What the task asks: Lines before the one containing "Some of the text" are not wanted. Transcribe that line and all after it exactly, to the end of the entries.
[Data supplied — start]
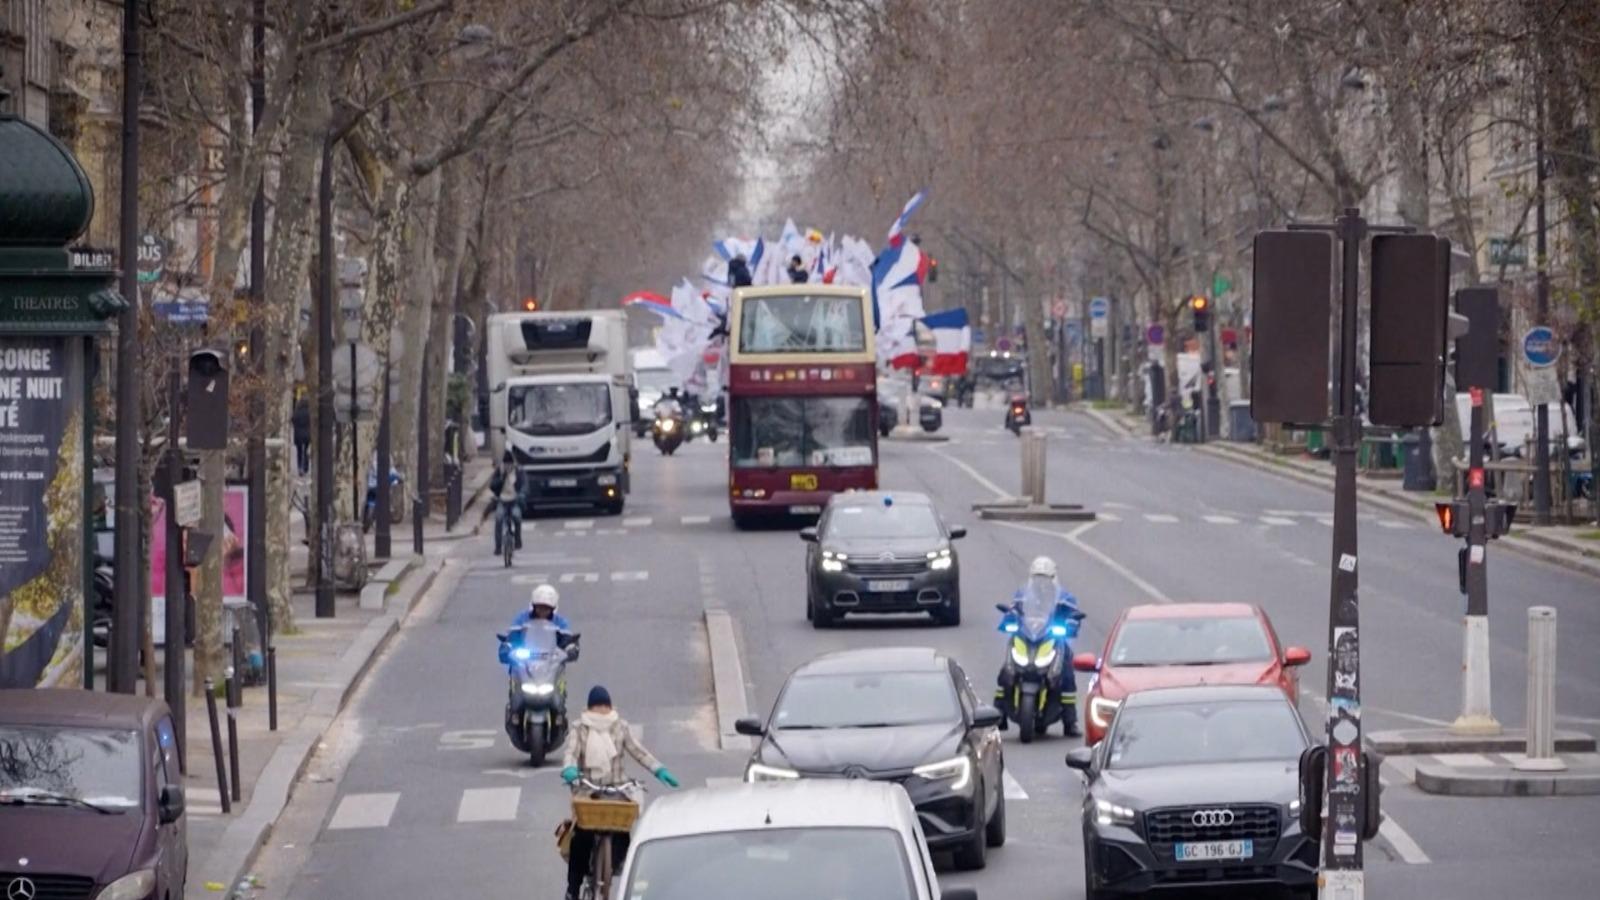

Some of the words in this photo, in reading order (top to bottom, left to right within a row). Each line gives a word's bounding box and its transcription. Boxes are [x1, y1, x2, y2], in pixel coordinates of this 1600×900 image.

[26, 377, 63, 399] NUIT
[1184, 844, 1198, 857] GC
[1204, 843, 1224, 857] 196
[1228, 842, 1243, 855] GJ
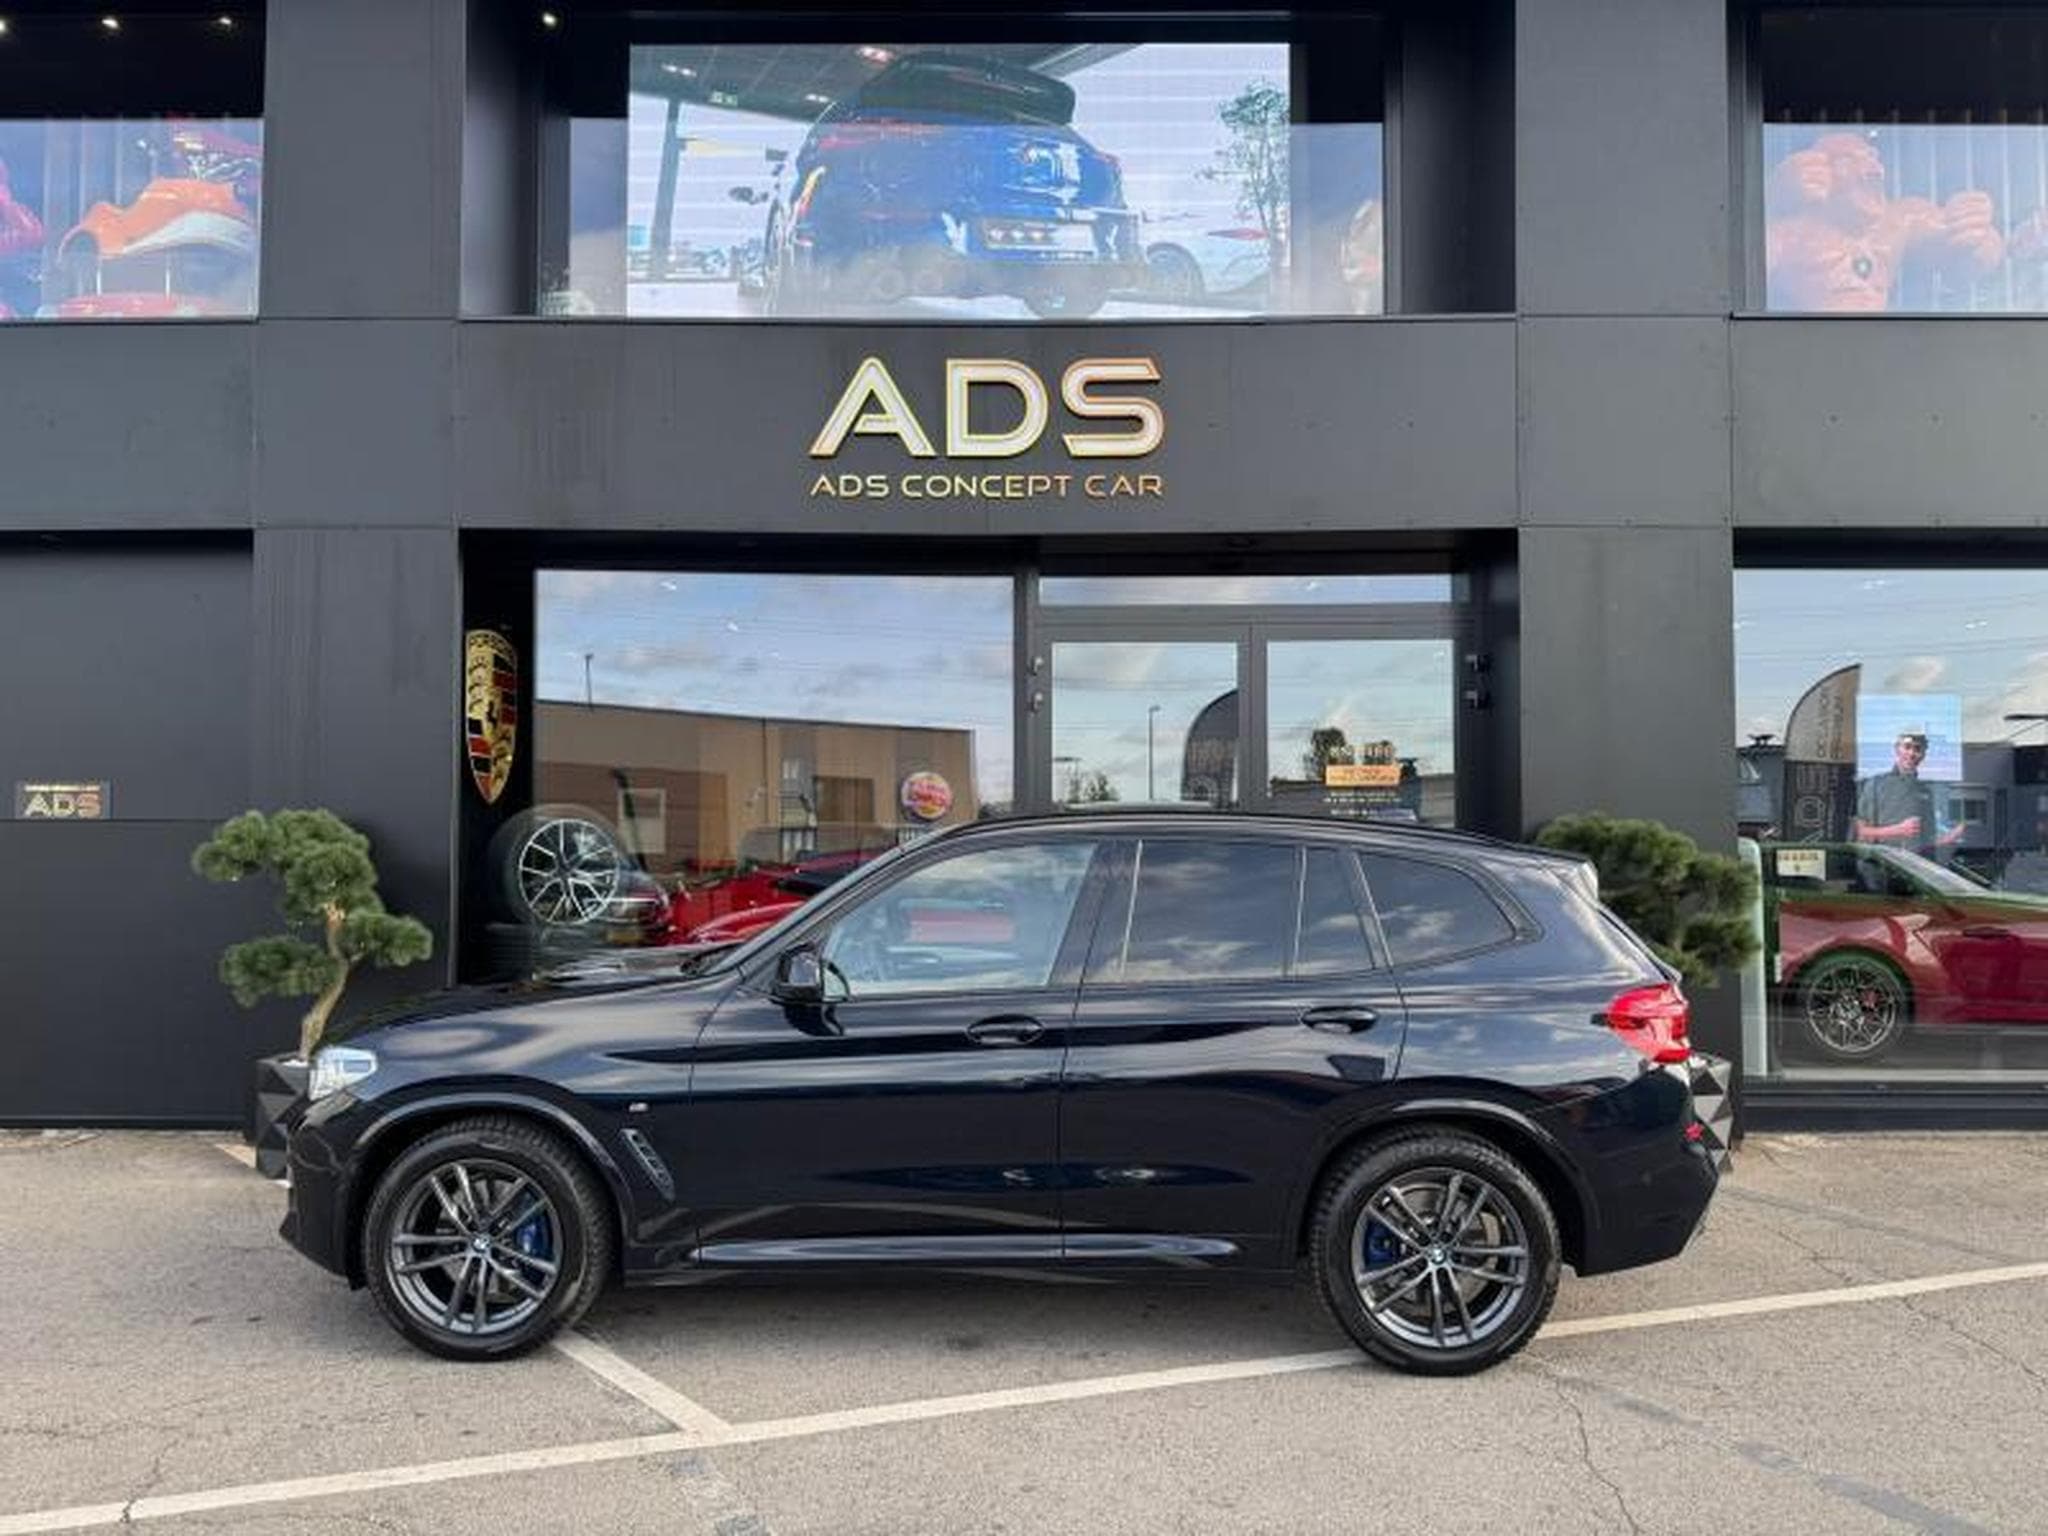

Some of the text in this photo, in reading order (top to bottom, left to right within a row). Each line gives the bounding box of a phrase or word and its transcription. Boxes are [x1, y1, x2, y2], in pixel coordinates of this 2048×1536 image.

[809, 356, 1165, 457] ADS
[810, 474, 1163, 498] ADS CONCEPT CAR
[24, 793, 100, 818] ADS
[Data supplied — finish]
Answer to this exercise:
Some of the text in this photo, in reading order (top to bottom, left to right within a row). Each line gives the bounding box of a phrase or word and its transcription. Boxes are [x1, y1, x2, y2], in pixel coordinates of this 2048×1536 image.

[809, 356, 1165, 457] ADS
[810, 474, 1163, 498] ADS CONCEPT CAR
[24, 793, 100, 818] ADS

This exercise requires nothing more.